Abdominal muscle relaxation can be improved through core muscle training, aerobic exercise, dietary adjustments, local care, and posture correction. Core muscle group training can enhance abdominal muscle strength, aerobic exercise helps reduce fat accumulation, dietary adjustments control calorie intake, local care stimulates skin elasticity, and posture correction avoids worsening muscle relaxation.
1. Core muscle group training
Plate support can effectively activate deep abdominal muscles, persisting for 30 seconds to 1 minute every day, gradually increasing the duration. Lie down and roll the abdomen towards the rectus abdominis muscle, 15-20 times per group, paying attention to relaxing the neck. The Russian rotation exercises the oblique muscle of the abdomen, combined with small twisting movements, have a more significant effect. These trainings require long-term persistence, with at least 3-4 sessions per week.
2. Aerobic exercise
Fast walking or jogging 3-5 times a week for more than 30 minutes each time can promote whole-body fat burning. Swimming has a significant effect on shaping the abdomen, and the resistance of water can evenly exercise the core muscle group. Skipping rope is an efficient aerobic exercise that can be achieved for 10-15 minutes every day. Aerobic exercise requires appropriate heart rate control, maintained within the range of 60% -70% of maximum heart rate.
3. Dietary adjustments
Increase the intake of high-quality protein such as chicken breast, fish, and soy products to help with muscle repair and growth. Control the intake of refined carbohydrates and replace white rice and pasta with whole grains. Eat more broccoli and citrus fruits rich in vitamin C to promote collagen synthesis. Drink plenty of water every day to avoid high salt foods causing edema and affecting abdominal lines.
4. Local care
Alternating cold and hot water flushing of the abdomen can stimulate blood circulation, and the temperature difference should be controlled within an acceptable range. Use natural plant essential oils during massage, gently circling clockwise to promote metabolism.
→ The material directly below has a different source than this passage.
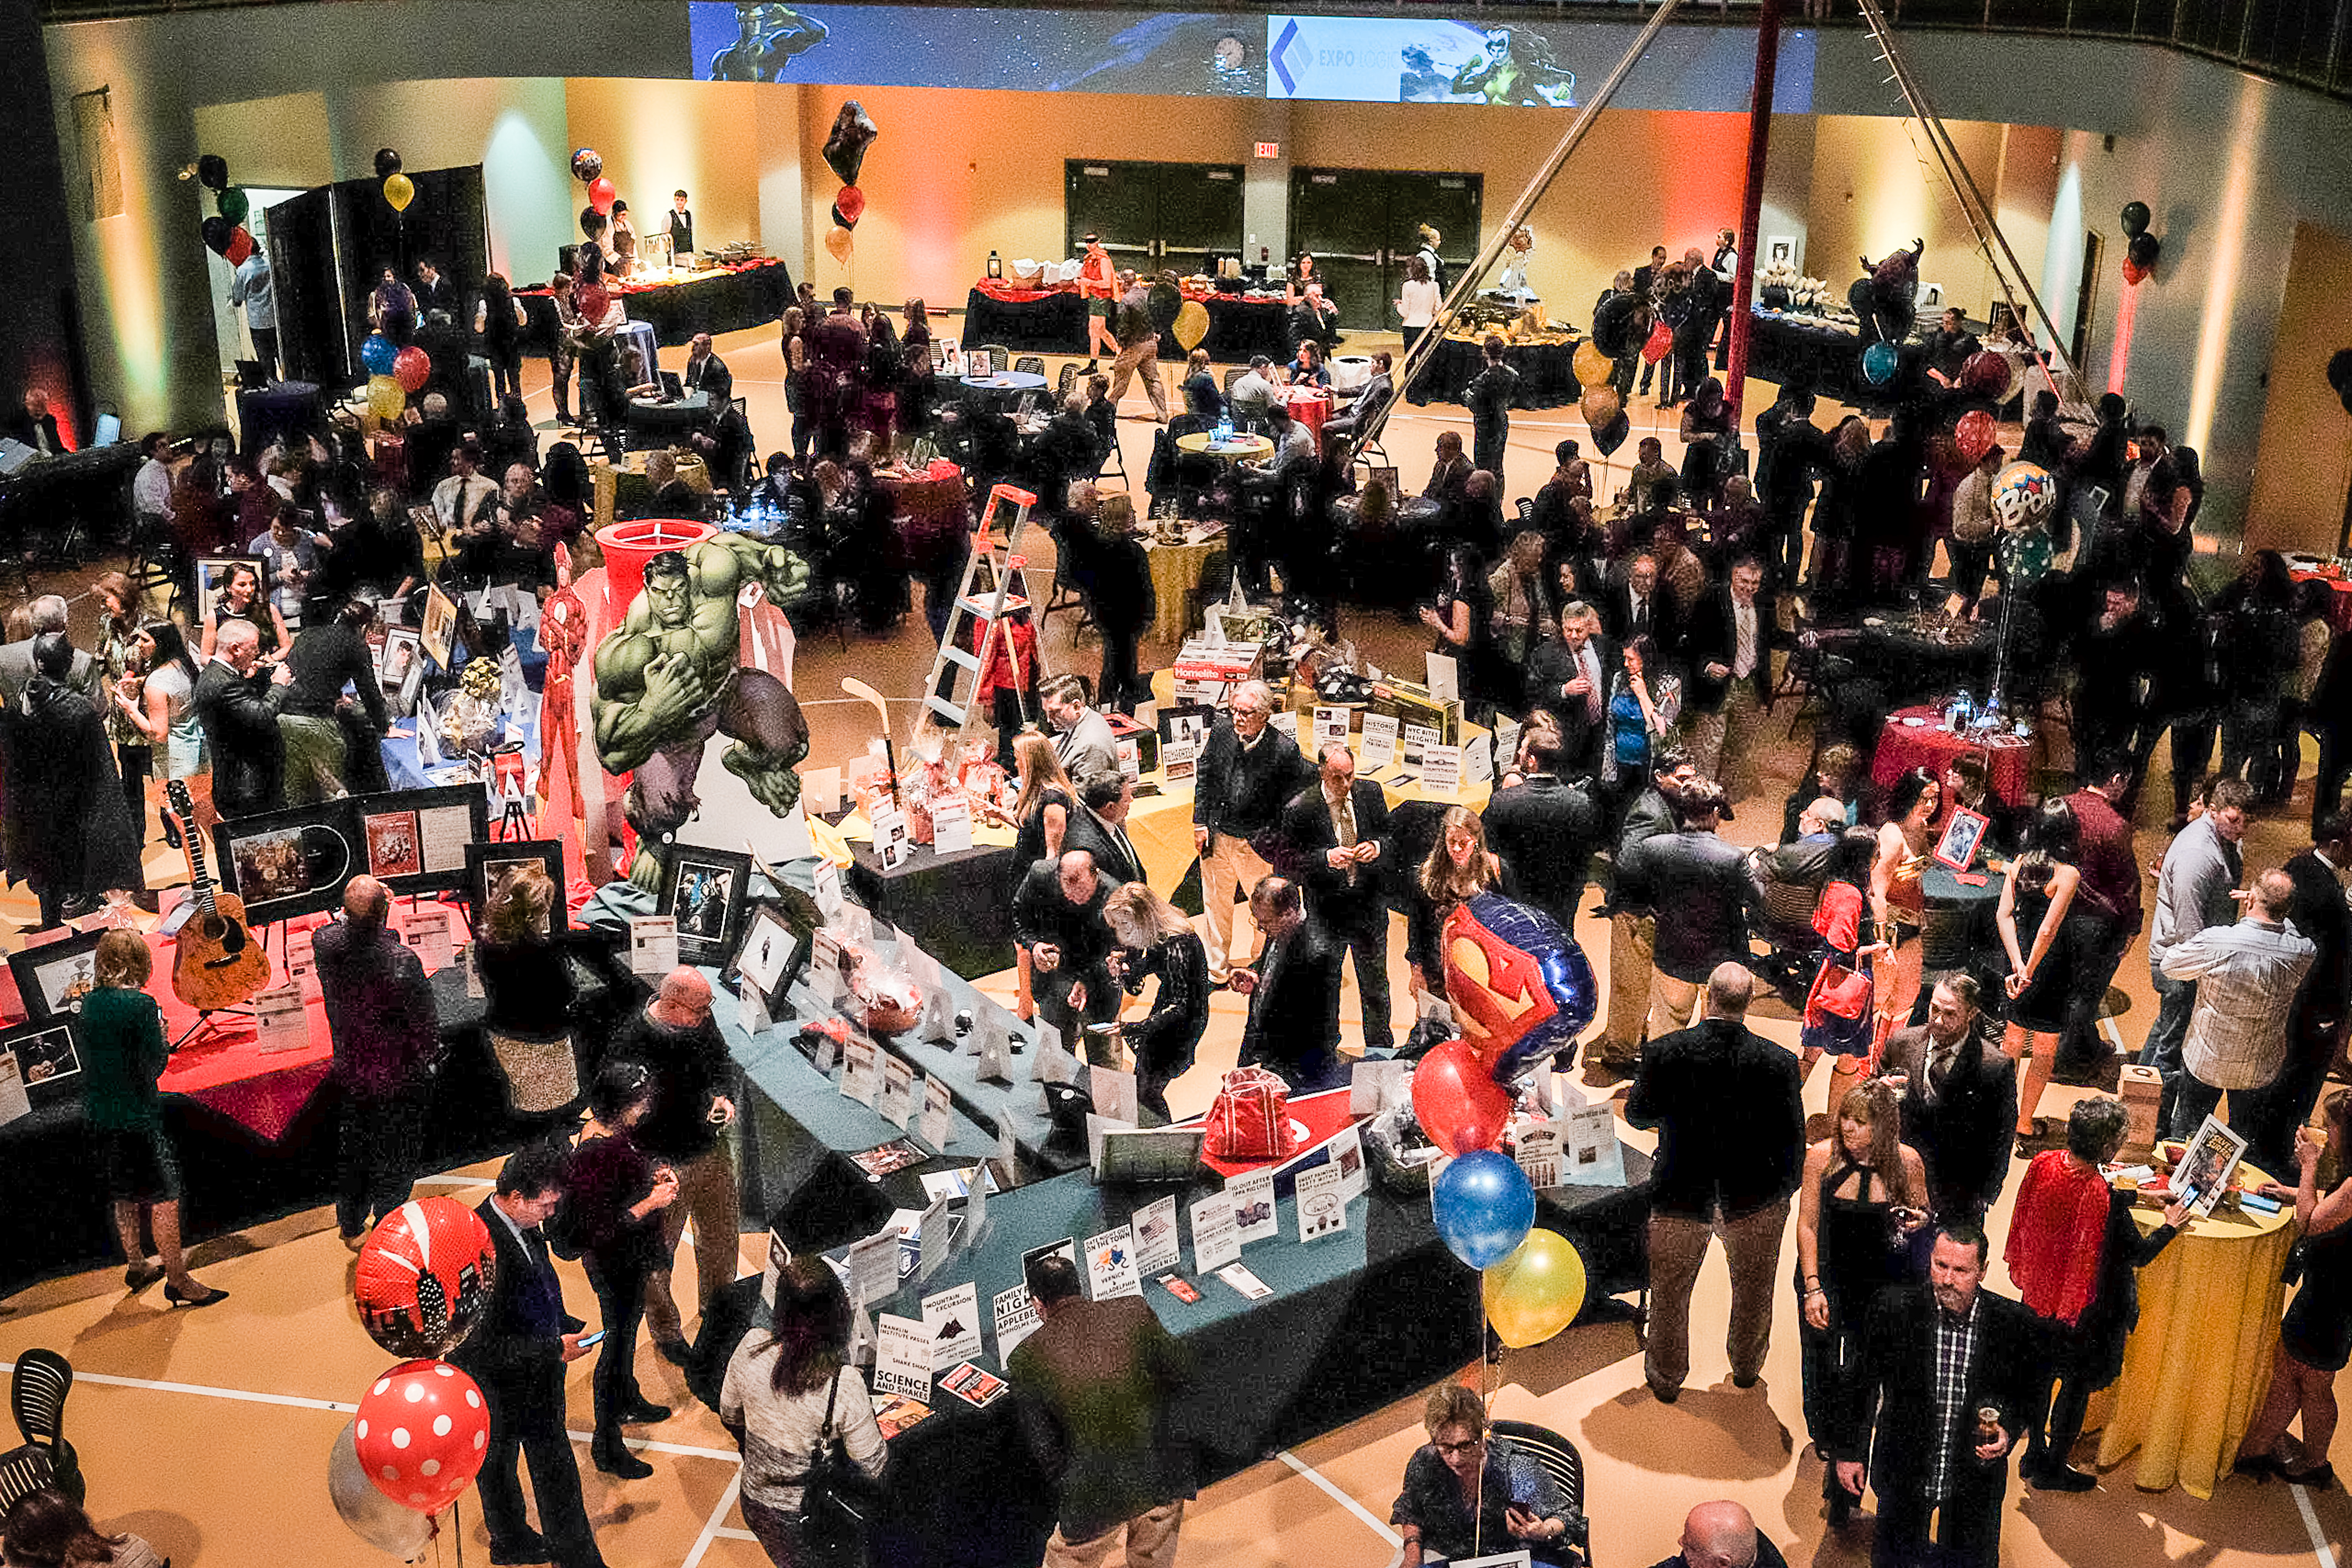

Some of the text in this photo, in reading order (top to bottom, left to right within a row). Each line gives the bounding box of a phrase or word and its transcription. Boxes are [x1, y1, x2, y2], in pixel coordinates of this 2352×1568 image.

Wearing shapewear with moderate pressure can provide temporary support, but it is not advisable to rely on it for a long time. These methods require coordination with exercise to achieve long-lasting effects.
5. Posture correction
Maintain the correct standing posture, tighten the abdomen and straighten the chest to avoid abdominal protrusion caused by pelvic forward tilt. When sitting, place a lumbar cushion to prevent muscle relaxation caused by prolonged sitting. Choosing a medium hardness mattress while sleeping and lying on your side can reduce abdominal pressure. Daily attention should be paid to avoiding bad habits such as hunchback and hunchback, which can affect the tension of abdominal muscles. Improving abdominal relaxation requires a comprehensive approach, with core muscle training and aerobic exercise as the foundation, combined with scientific dietary management to be effective. Local care and posture correction are also important as auxiliary methods. The entire process requires patience and persistence, usually taking 2-3 months to see significant results. Avoiding rapid weight loss and worsening skin laxity, maintaining a steady rate of weight loss is more conducive to the recovery of skin elasticity. If there is severe skin laxity, it is recommended to consult a professional physician to assess whether medical intervention is needed.